Causes of hyponatremia in athletes are listed in Table 13-5.21,22 Mildly symptomatic or asymptomatic hyponatremia is a common phenomenon in athletes and an incidence as high as 30% has been reported in long-distance runners.21 However, rare deaths caused by hyponatremia have been reported in long-distance runners.21,22
Excessive water intake |
Prolonged exercise in heat |
Syndrome of inappropriate antidiuretic hormone |
Increased rate of sweat and sodium loss |
Inadequate sodium intake in replacement fluid |
Inadequate sodium in diet |
Poor aerobic conditioning and acclimatization |
CFTR gene in patients with cystic fibrosis |
Non-steroidal anti-inflammatory drugs |
Hypotonic or dilutional hyponatremia is the main situation seen in athletes and is owing to excessive water intake before and during the sporting event or physical activity, particularly when occurring in hot and humid conditions.9 Most cases of exercise-associated hyponatremia (EAH) are owing to a combination of increased fluid intake with modest increases of plasma arginine vasopressin (AVP) levels from various stimuli during prolonged exercise.23 Those at increased risk for hyponatremia are athletes with smaller total body surface area and who sweat excessively. The potentially fatal outcome of hyponatremia should be understood by athletes who seek to keep themselves properly hydrated during sports events and other physical activities.
Numerous factors acting in the concentrating and diluting mechanisms in the kidney contribute to the regulation of the normal serum [Na+]. Most of the changes in serum sodium concentration that occur acutely are the result of changes in the total body water content, rather than rapid changes in total body sodium content. Significant amount of water loss relative to sodium loss will result in an increase in serum sodium concentration, whereas a decrease in water excretion, because of disorders of renal diluting capacity without a significant change in solute (Na2+ K+) will result in dilutional hyponatremia.
There are a few conditions in which the serum sodium does not reflect serum osmolality, when osmotically active substances (i.e., glucose, mannitol, glycine) are present in the extracellular fluid. Increased serum osmolality without changes in sodium concentration is seen when osmolytes (i.e., urea, ethanol, methanol, ethylene glycol) are distributed in the total body water. Pseudohyponatremia is present when the solid content of plasma is increased (hyperlipidemia, dysproteinemias), and the sodium is measured by flame photometer rather than specific sodium electrode.
Most athletes remain asymptomatic with sodium levels between 125 mEq/L and 135 mEq/L. Mild cases of hyponatremia may result in nausea, emesis, headaches, lethargy, confusion, irritability, edema of hands, as well as feet. However, rapid decreases in sodium levels, especially if rapid drop off are noted, can result in significant osmotic fluid shifts with resultant cerebral edema, seizure activity, coma, and rarely, death.

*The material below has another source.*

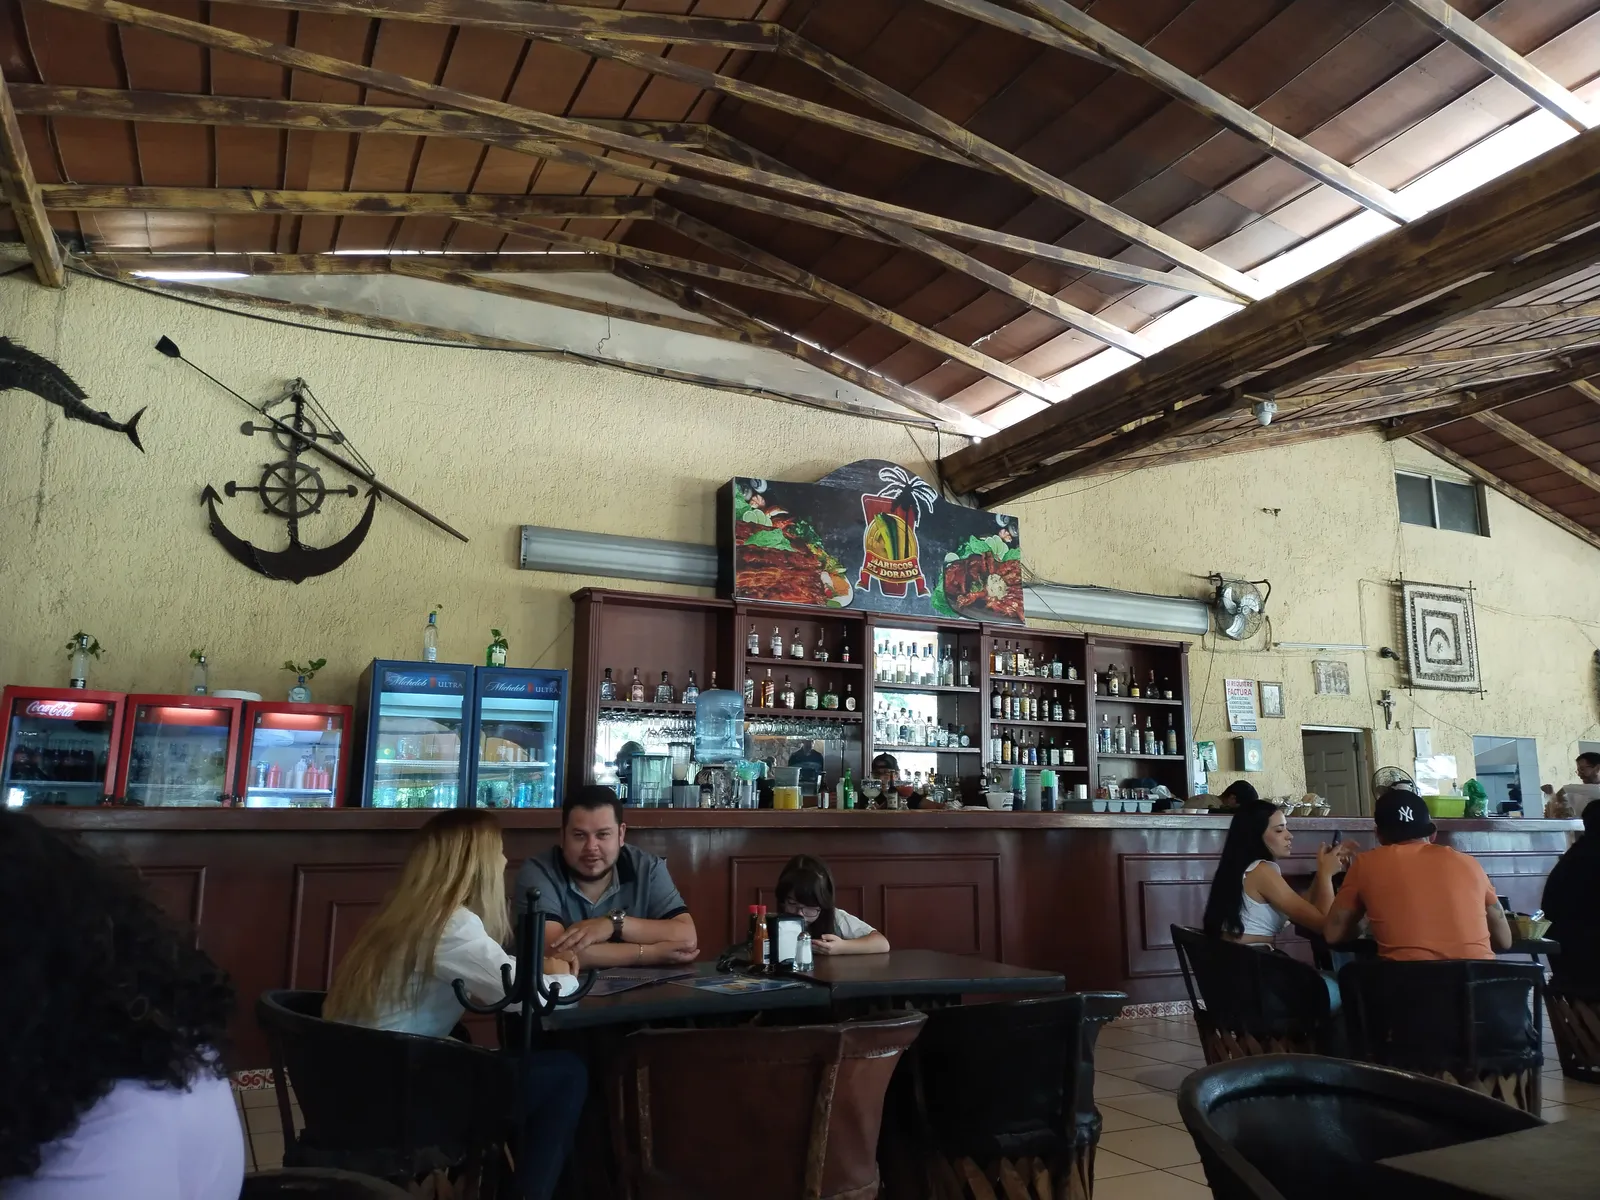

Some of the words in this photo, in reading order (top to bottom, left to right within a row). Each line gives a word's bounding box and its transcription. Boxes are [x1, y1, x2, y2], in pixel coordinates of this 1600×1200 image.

Hypotonic hyponatremia causes increase in water content in all body cells. However, the central nervous system swelling causes most relevant clinical manifestations. The severity of the neurologic manifestations correlates with the rapidity with which the hyponatremia develops. The more rapid the hyponatremia develops, the more severe the clinical manifestations occur. Rapidly developing cerebral edema causes increased intracranial pressure and the risk of brain herniation, death, or severe neurologic sequelae. Although the brain has the ability to adapt to hyponatremia by extruding electrolytes and organic osmolytes out of the brain cells, this adaptative response requires time, an average of 48 hours.
The development of moderate, asymptomatic hypernatremia correlates with body weight loss, whereas hyponatremia correlates with weight gain. Acute symptomatic hyponatremia results from both excessive fluid intake and decreased urine formation contributing to its rapid onset. Life-threatening complications secondary to pulmonary edema and cerebral edema may result. Susceptibility for the development of exercise associated hyponatremia includes female gender, medications that interfere with hemodynamic renal compensatory mechanism such as the use of NSAIDs, lower prerace body weight, and weight loss of <0.75 kg. Patients with exercise associated hyponatremia fulfill the criteria of SIADH (Table 13-6).